Eo8: I’ve read that your new single “Freak Caroline” is inspired by the narcissism of the artists with whom you’ve worked. Can you expound on that for us?
SF: It’s about someone specific (who I’ll leave unnamed). Most of my songs are about an actual person, encounter, or friend…this character is an entitled, trust fund girl with a knack for going out and letting loose on her daddy’s dime. Her ambitions are illusory, her daily movements a facade for a greater truth…she really just likes to party. It’s primal, but that’s where her passions lie. Along the way, she consumes everything – food, coffee, drugs, friends…when she runs out of those things, she’ll consume herself.
Eo8: Are you worried about any kind of backlash from the artists with whom you’ve worked?
SF: No. They are mostly too self-absorbed to check it out I think.
Eo8: A little over halfway through the video for “Freak Caroline,” the female characters look like they are “voguing,” is that an intentional reference or nod to one of the artists you’ve worked with in particular?

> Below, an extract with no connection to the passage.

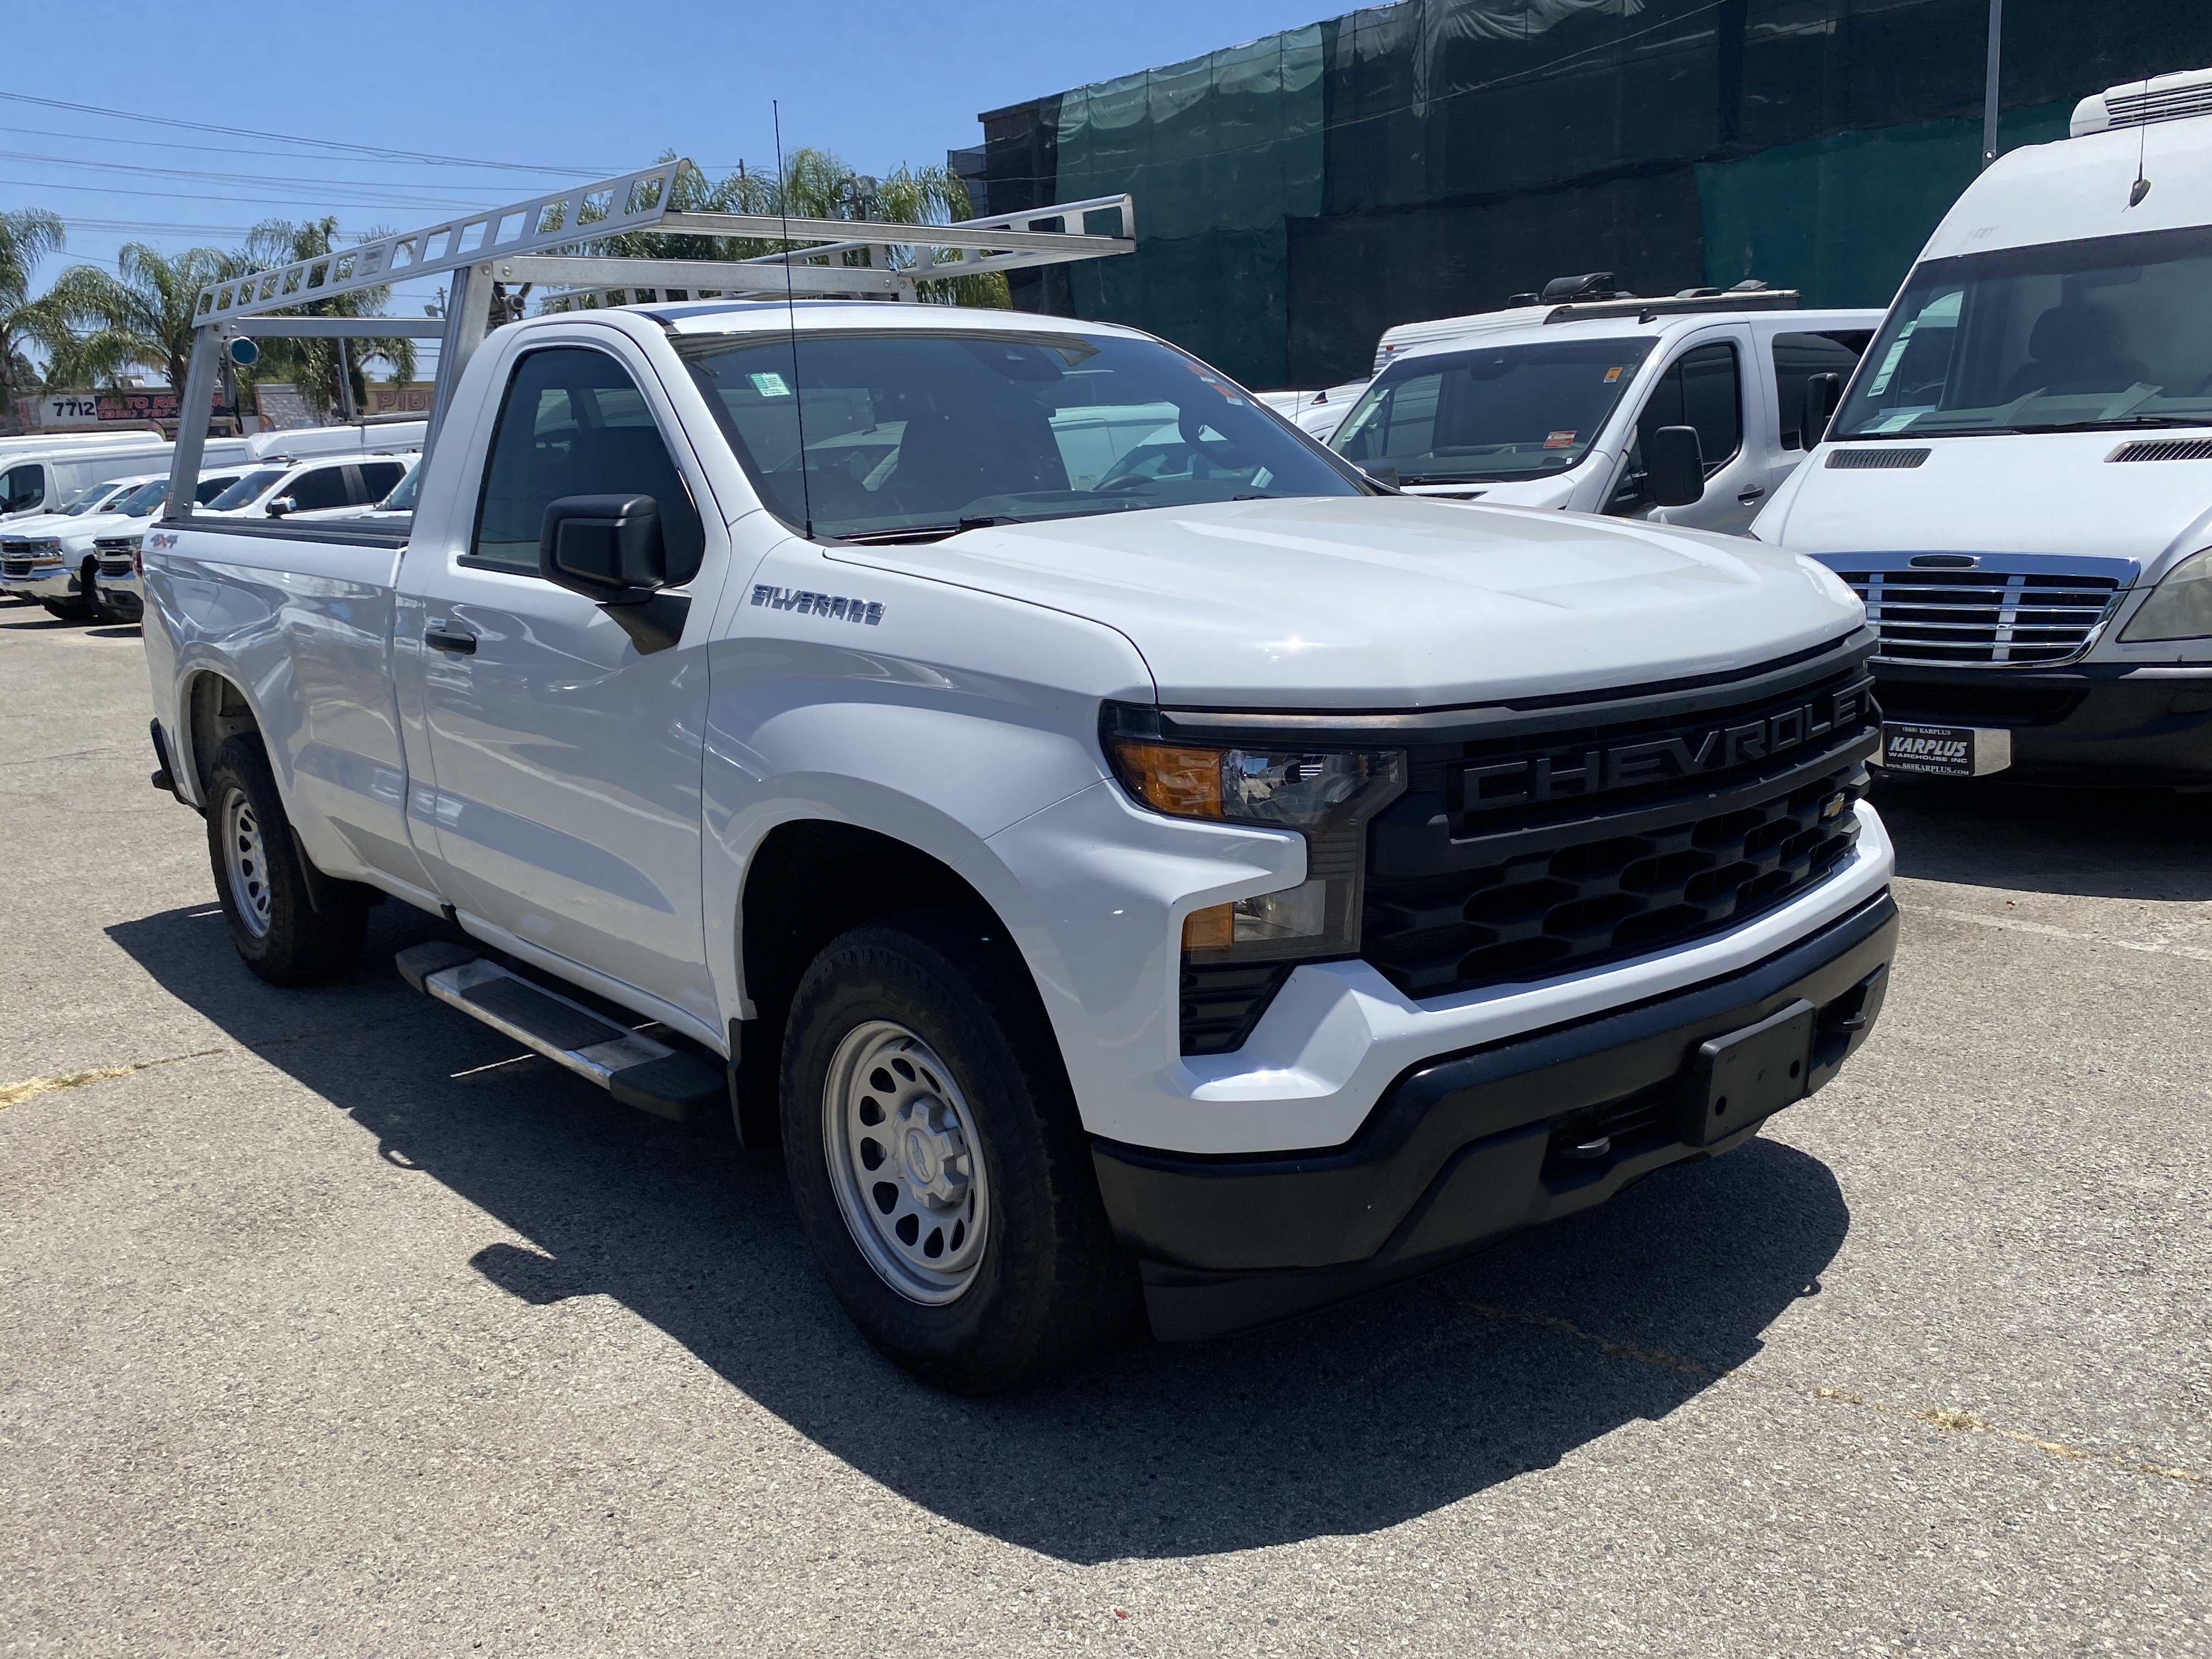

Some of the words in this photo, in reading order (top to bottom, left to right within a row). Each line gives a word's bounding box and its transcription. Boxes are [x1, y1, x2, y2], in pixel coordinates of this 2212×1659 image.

SF: Everything is a reference to something. That’s just another layer of personal onion to unravel for those who want to really dig in. With the video, I was trying to deconstruct the whole idea of being fashion-y and trendy and chic. I hate that shit. The vogueing, because it’s directly associated with fashion (even though it was born in Harlem at DIY dance events and re-appropriated by mainstream white fashion culture), was a way to obviously convey that idea visually. As the video goes along, the movements speed up and become absurd – the video becomes the opposite of sexy and deteriorates into a 90s band video at the end. The main character becomes tragic and irrelevant at that point. Hopefully, there is also an understood commentary about society in general. I tend to reject commercialism personally, so I wish to convey that in the project.
Eo8: Will you be touring to support the album?
SF: Yes, I’m doing a subway platform tour in New York. After I drop the album, I’m just going to play at a different subway stop every day throughout the summer. I don’t have a car, so that’s really the best I can do at the moment. 😉 The album will be given away for free as well.
Eo8: Any parting words of wisdom for us?
SF: A wise man once said, “frankincense? really? what was that guy thinking?”